Saturday, December 22, 2007

Mr. Republican Meets Blago

When I worked in Illinois Republican politics, I would often run across a major Republican power broker who lived in Springfield by the name of William Cellini. My first of several encounters came while I was a freshman at Eastern Illinois University. I was interning in a local state senator's office in 1981 when Mr. Cellini stopped by to visit the state senator. After the senator and Mr. Cellini visited for awhile, I was invited into the senator's office and asked if I wanted to be a Selective Service Board member. "Am I old enough," I asked. With that, at the age of 18, I was appointed a member of the local Selective Service Board in my area when it was reconstituted after being abolished many years earlier. It later made a headline in the Charleston Times-Courier when a reporter called me up and asked how I got appointed to the Board and I told the reporter exactly how it happened. Red-faced, I called up Mr. Cellini and apologized for the headline. He told me it wasn't a problem and not to worry about it. Later, I figured out it was exactly the kind of publicity he liked getting.

Patronage was king in Springfield and nobody had more control over it than Cellini. He also ran the Sangamon Co. Republican Party and was often referred to as "Mr. Republican." His sister, Janice, handled patronage under several Republican governors. When Jim Edgar, my former state representative became Secretary of State and later Governor, you couldn't get a job in state government without your application crossing her desk. When brother Bill wasn't lobbying for the asphalt pavement industry, he was building a big real estate empire that involved Section 8 and other government-subsidized housing projects all over the midwest. When riverboat casinos came to Illinois, Cellini landed an interest in one of the first riverboats on the Mississippi at Alton. He also talked former State Treasurer Jerome Consentino (D) into loaning him and his friends money to finance a big hotel project in Springfield, which later went bankrupt and cost taxpayers tens of millions of dollars.
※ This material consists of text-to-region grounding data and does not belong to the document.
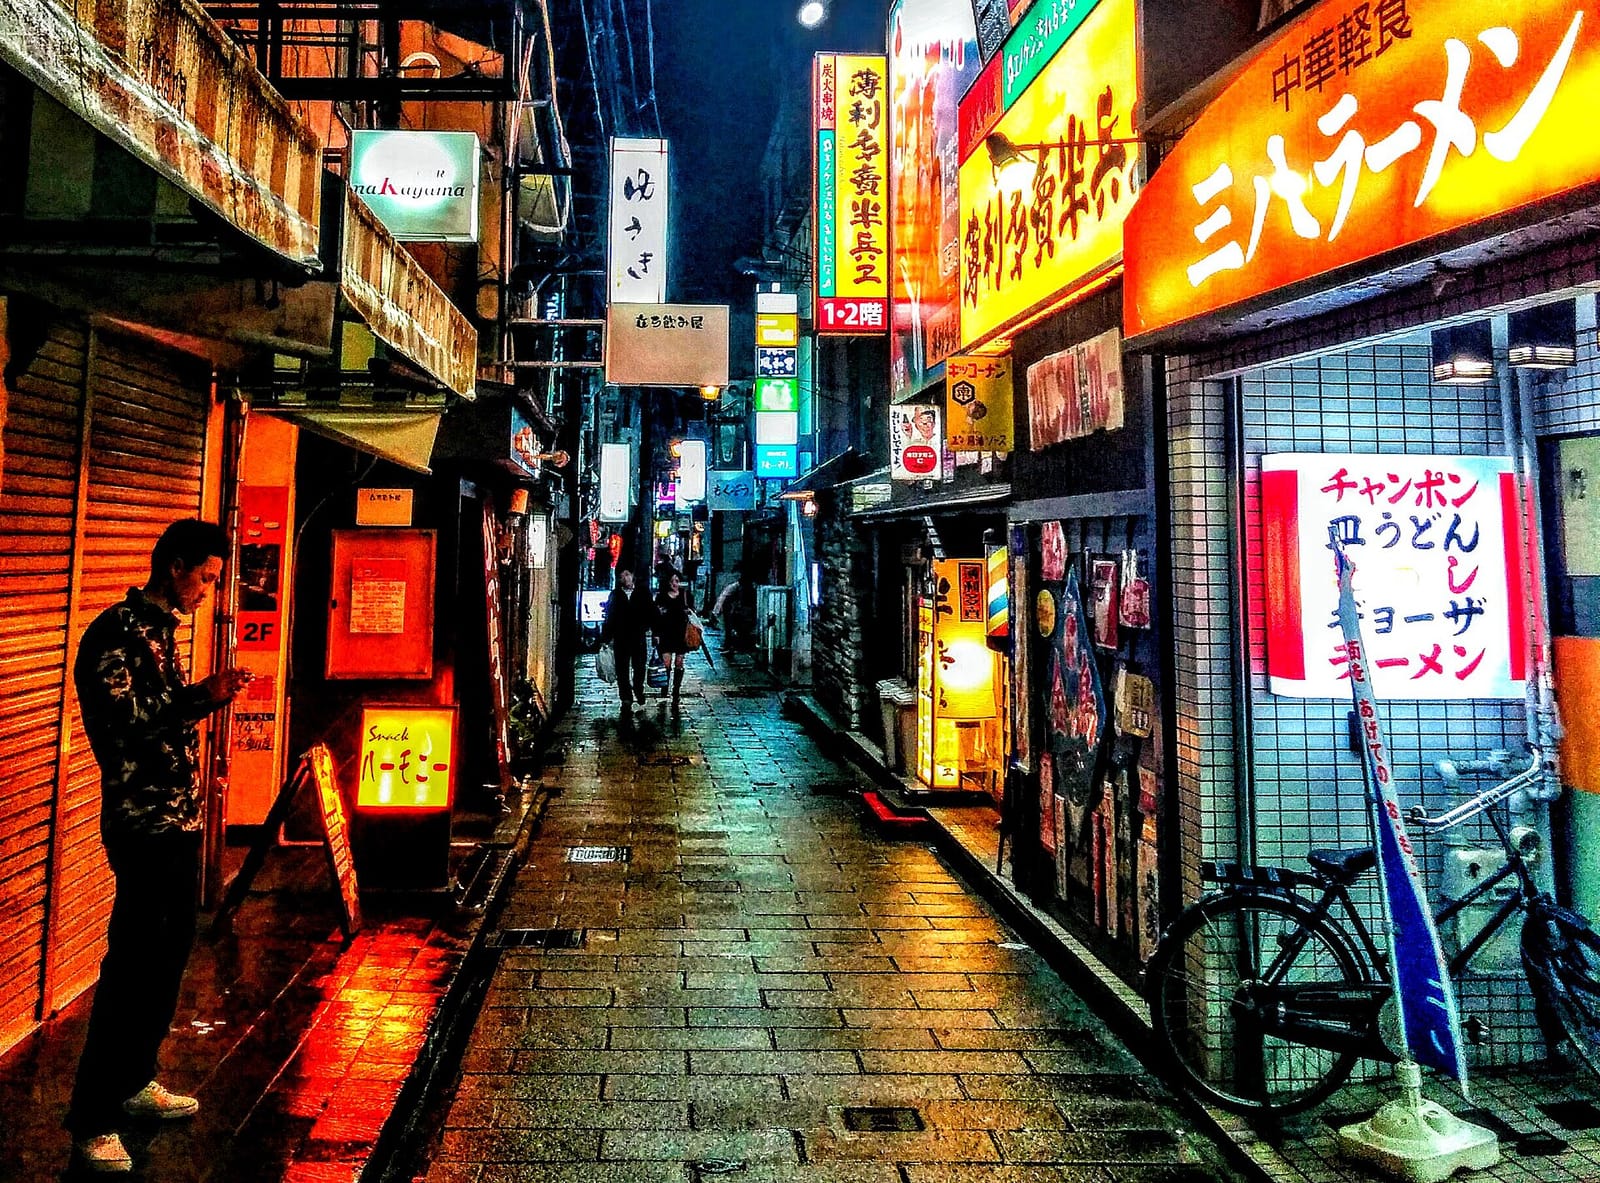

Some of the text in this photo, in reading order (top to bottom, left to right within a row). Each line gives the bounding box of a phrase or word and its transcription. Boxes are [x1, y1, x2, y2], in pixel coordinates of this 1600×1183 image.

[1272, 0, 1412, 113] 中華軽食
[1186, 10, 1584, 288] 三八ラーメン
[623, 168, 655, 280] ゆうき
[635, 313, 704, 330] 立ち飲み屋
[948, 362, 1006, 379] キッコーナン
[1320, 467, 1479, 508] チャンポン
[1325, 512, 1480, 553] 皿うどん
[243, 622, 275, 642] 2F
[368, 725, 409, 742] Snack
[362, 749, 448, 784] ハーモニー
Consentino went to prison years later for an insurance fraud scheme he carried out while serving as Illinois State Treasurer.

Business for Cellini was great during Republicans' 26 years of controlling the governor's office, but his ties to Democrats was equally impressive. In fact, it has proven a little too impressive in the case of Gov. Rod Blagoyevich. In U.S. Attorney Patrick Fitzgerald's never-ending battle to clean up public corruption in Illinois, Cellini has been caught on tape exercising the kind of influence peddling the law deems illegal. According to federal investigators, Cellini was part of an elaborate scheme to shake down investment bankers for a piece of the Teachers' Retirement Fund investments. According to the Sun-Times:

The men tried to shake down movie producer and former investment firm owner Tom Rosenberg ("Individual J") for a $1.5 million contribution to Blagojevich, or $2.2 million for Levine, if Rosenberg wanted the Teachers Retirement System (TRS) to go forward with an expected investment of $220 million in Rosenberg's firm.
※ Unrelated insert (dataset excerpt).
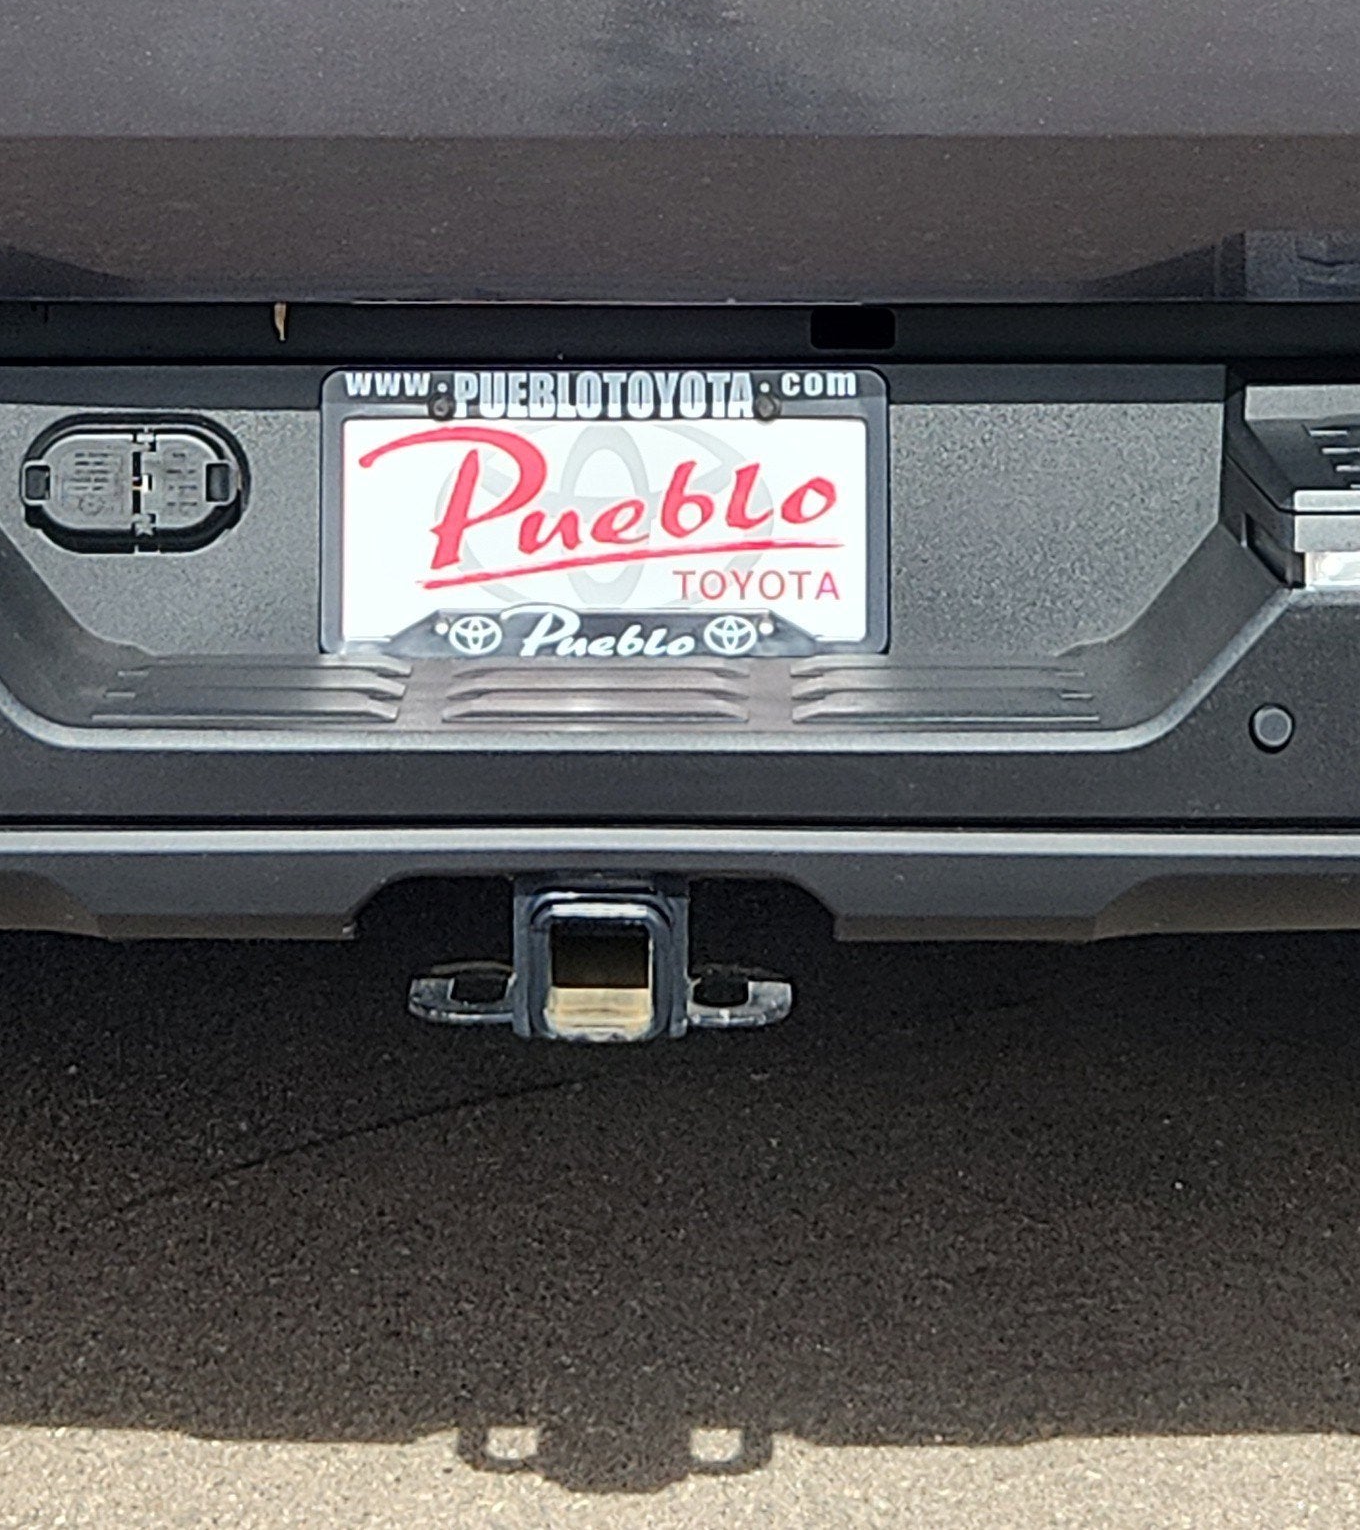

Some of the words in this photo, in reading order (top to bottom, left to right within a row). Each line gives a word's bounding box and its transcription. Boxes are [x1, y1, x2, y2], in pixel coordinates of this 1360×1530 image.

[358, 426, 838, 572] Pueblo
[673, 569, 841, 601] TOYOTA
[501, 603, 696, 658] Pueblo
Cellini called Rosenberg and laid out the pay-to-play scheme, but Rosenberg threatened to go public and expose the extortion attempt, so Cellini, Levine and the others backed off, the proffer said.

Cellini is caught on tape telling Levine about how Rezko and Kelly had been "essentially hammerin' people for contracts, ah, contracts for fund-raising," the filing states.

I just couldn't help but think of the irony of Mr. Republican finally getting caught doing something which could land him in jail while raising political payola for a Democratic governor. Mr. Cellini is not unlike the many crooked influence peddlers who stink up the place here in Indiana. It's just that our crooked influence peddlers don't have a Patrick Fitzgerald looking over their shoulders.

1 comment:

  1. Anonymous8:45 AM EST

    Your article brings to light the fact that former US District Attorney Susan Brooks is now a part of the Ballard Team.
    And so the legacy of corruption continues right here in our own back yard.
    I wonder how long it took for Brooks to shred all the information she had on the syndicate operating the illegal numbers racket in Indianapolis before she left.